There’s something to be said for the national media attention that comes with playing in a major market such as New York, Washington or Atlanta.

But while the atmosphere inside Greensboro Coliseum won’t be much different from that of Brooklyn’s Barclays Center, Washington’s Capital One Arena or Charlotte’s Spectrum Center, the vibe in the area surrounding it will be much more tournament-centric.

Two years ago in Brooklyn, a cab driver dropping his passengers at the site of the games had no idea what was going on inside, asking them who the Brooklyn Nets were playing that night. In Greensboro, the entire city is buzzing with tournament fever — including ACC-related signage virtually everywhere you turn.

“We’re fortunate because of what this league has been over the years and its tradition and history and the great coaches and great players that our tournament is successful wherever it goes,” ACC commissioner John Swofford said during the league’s Operation Basketball back in October. “It’s just a question of how successful.

“Is it different in one location than another? Yes. But I think that’s probably good. But it is good to be coming back to Greensboro. And that’s a different experience in Greensboro, obviously, than Brooklyn or D.C. or even Charlotte. But it’s a very good experience.”

The question, however, is whether that experience is good enough for the league to continue coming back.

While the next two ACC tournaments are already set — next year in Washington, D.C., and the year after in Brooklyn — future sites for the event are yet to be determined.
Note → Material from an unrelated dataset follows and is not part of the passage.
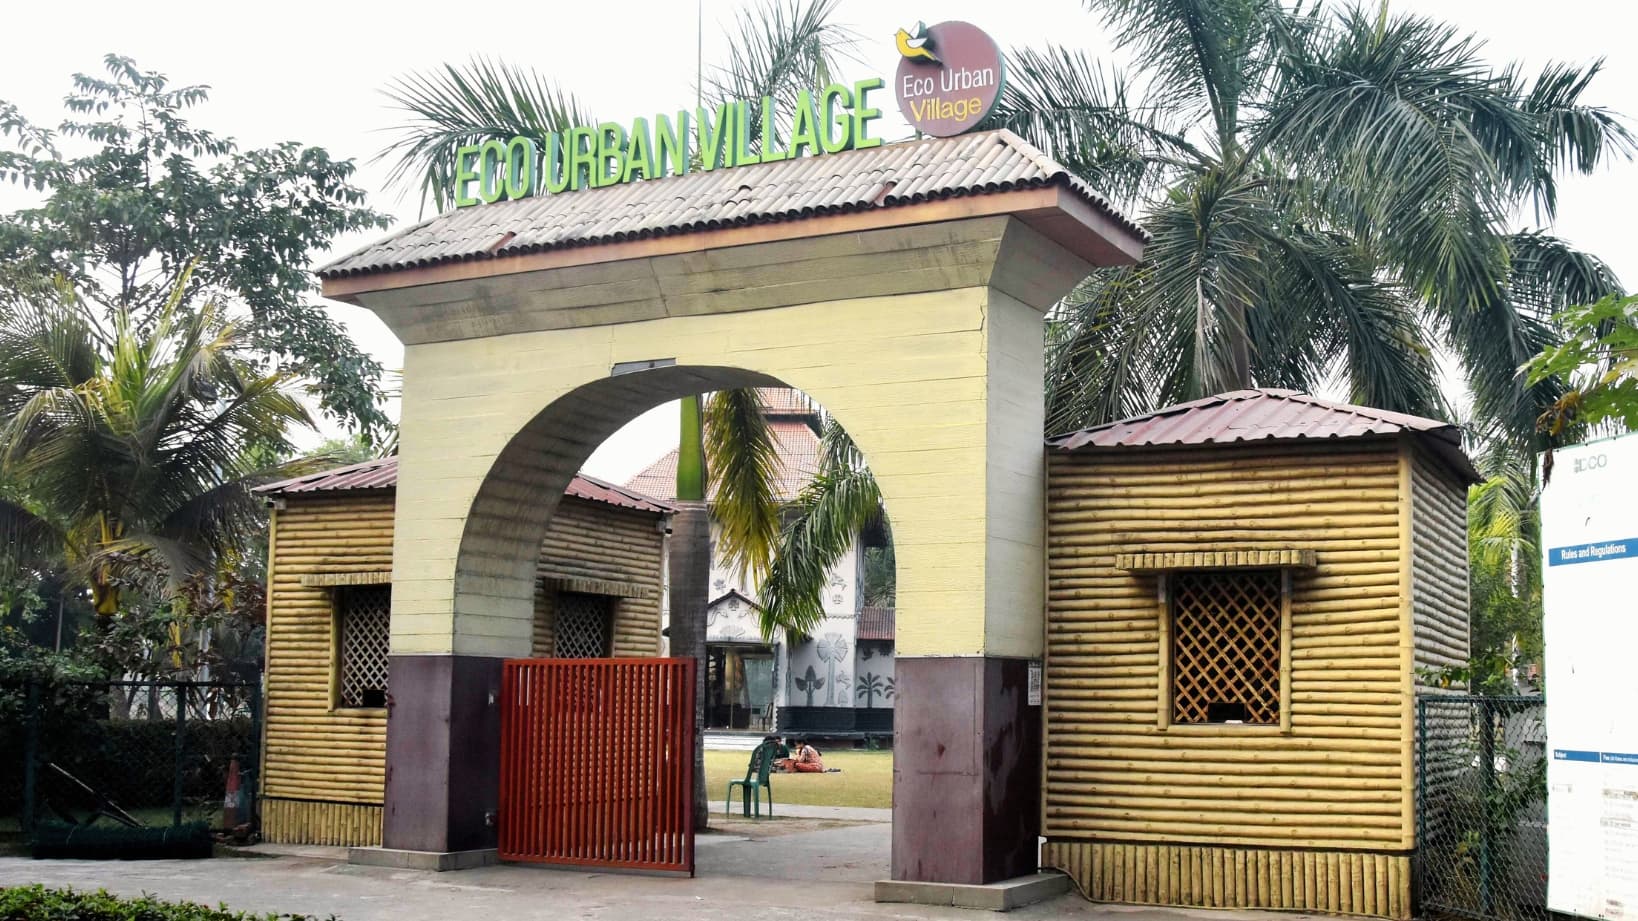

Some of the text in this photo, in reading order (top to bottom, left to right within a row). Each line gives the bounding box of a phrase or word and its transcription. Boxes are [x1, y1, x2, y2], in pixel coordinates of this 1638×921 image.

[903, 67, 994, 98] Eco Urban
[909, 97, 982, 122] Village
[456, 77, 884, 208] ECO URBAN VILLAGE
[1561, 544, 1626, 561] Rules and Regulations
If there’s one thing Greensboro has going for it, other than the history and tradition, it’s that the arena there — with its 23,000 seats — has the largest capacity of any other venue in the ACC’s current rotation.
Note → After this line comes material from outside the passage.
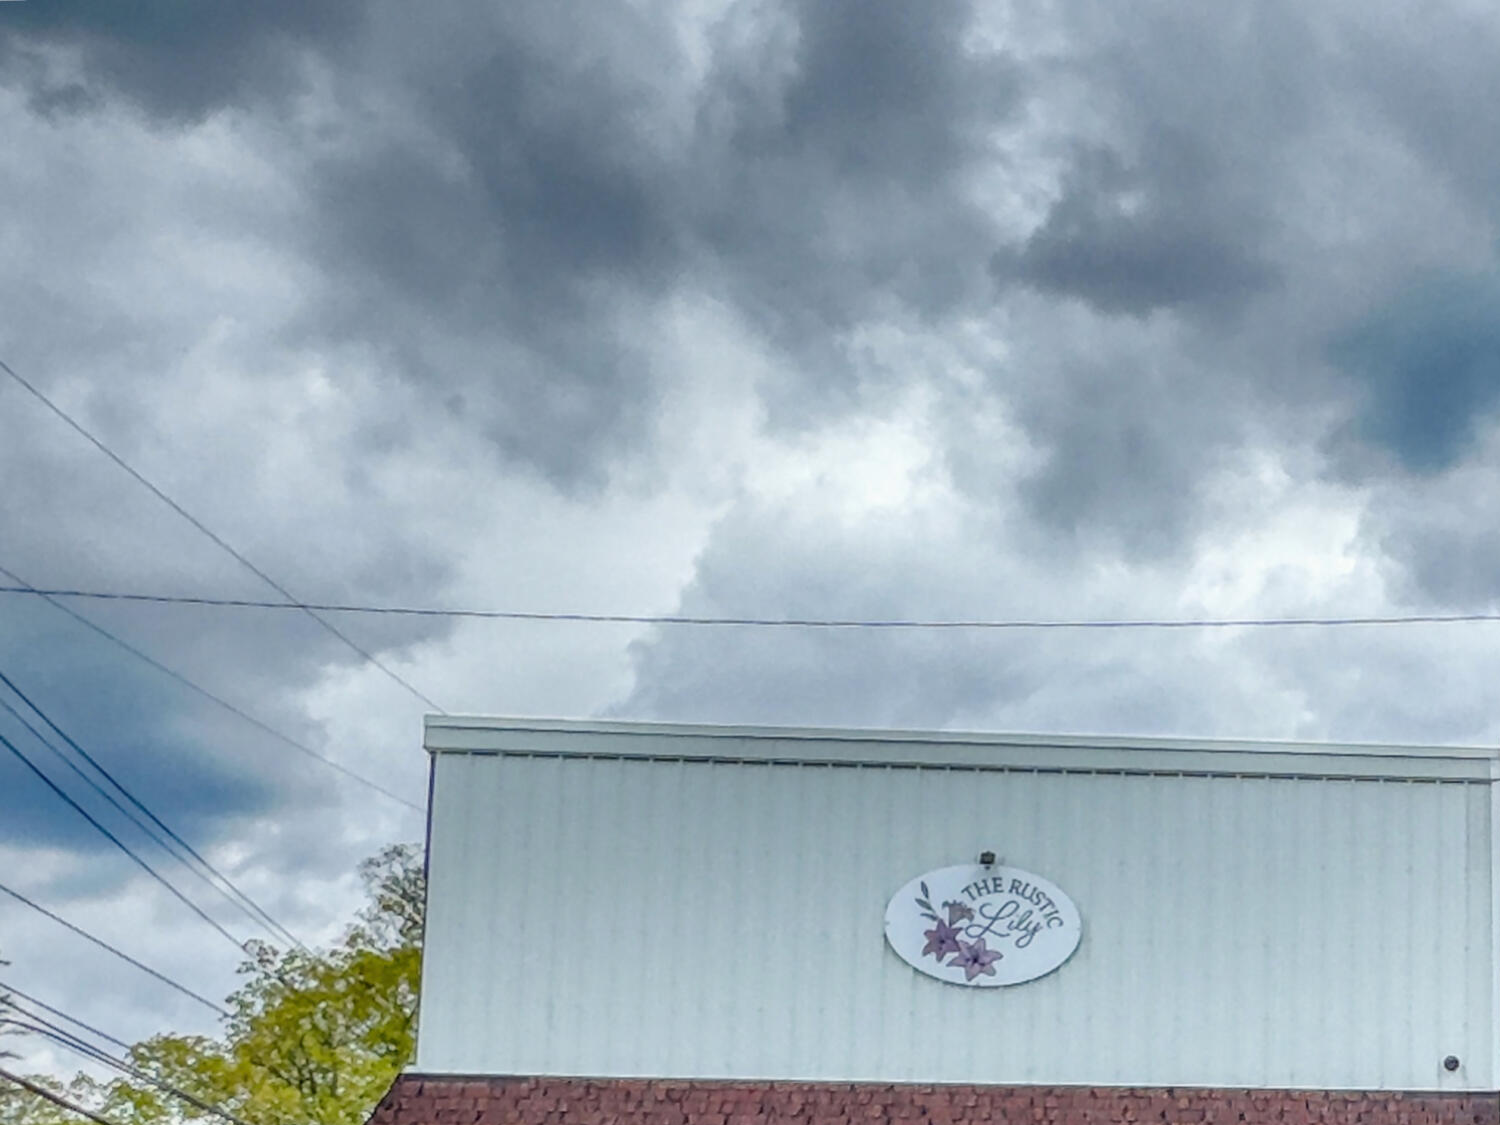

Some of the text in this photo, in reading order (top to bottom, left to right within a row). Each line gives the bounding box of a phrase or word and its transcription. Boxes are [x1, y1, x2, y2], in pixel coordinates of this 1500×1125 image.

In addition to the usual suspects, it’s been reported that both Pittsburgh and Boston are interested in hosting the tournament.

Unlike the old Big East, which held its tournament at New York’s Madison Square Garden every year, Swofford said he likes the idea of moving the ACC’s most visible event around to different areas of the league’s “geographic footprint.”

“There doesn’t seem to be another league out there that can move their tournament around and have the success with it that we’ve been fortunate enough to have,” Swofford said. “That’s because of our fans and the tradition and history that was built with the tournament over a long period of time. And most of that was built in North Carolina.”

While it’s inevitable that tournament sites will continue to rotate from year to year, those that have been associated with the conference the longest are hopeful that Greensboro will still be included as the ACC continues to grow away from its “cocktail party” roots.

“I’m a North Carolina guy,” said UNC’s Williams. “I was born in the state and raised in the state. I like the ACC Tournament better in Charlotte or Greensboro.”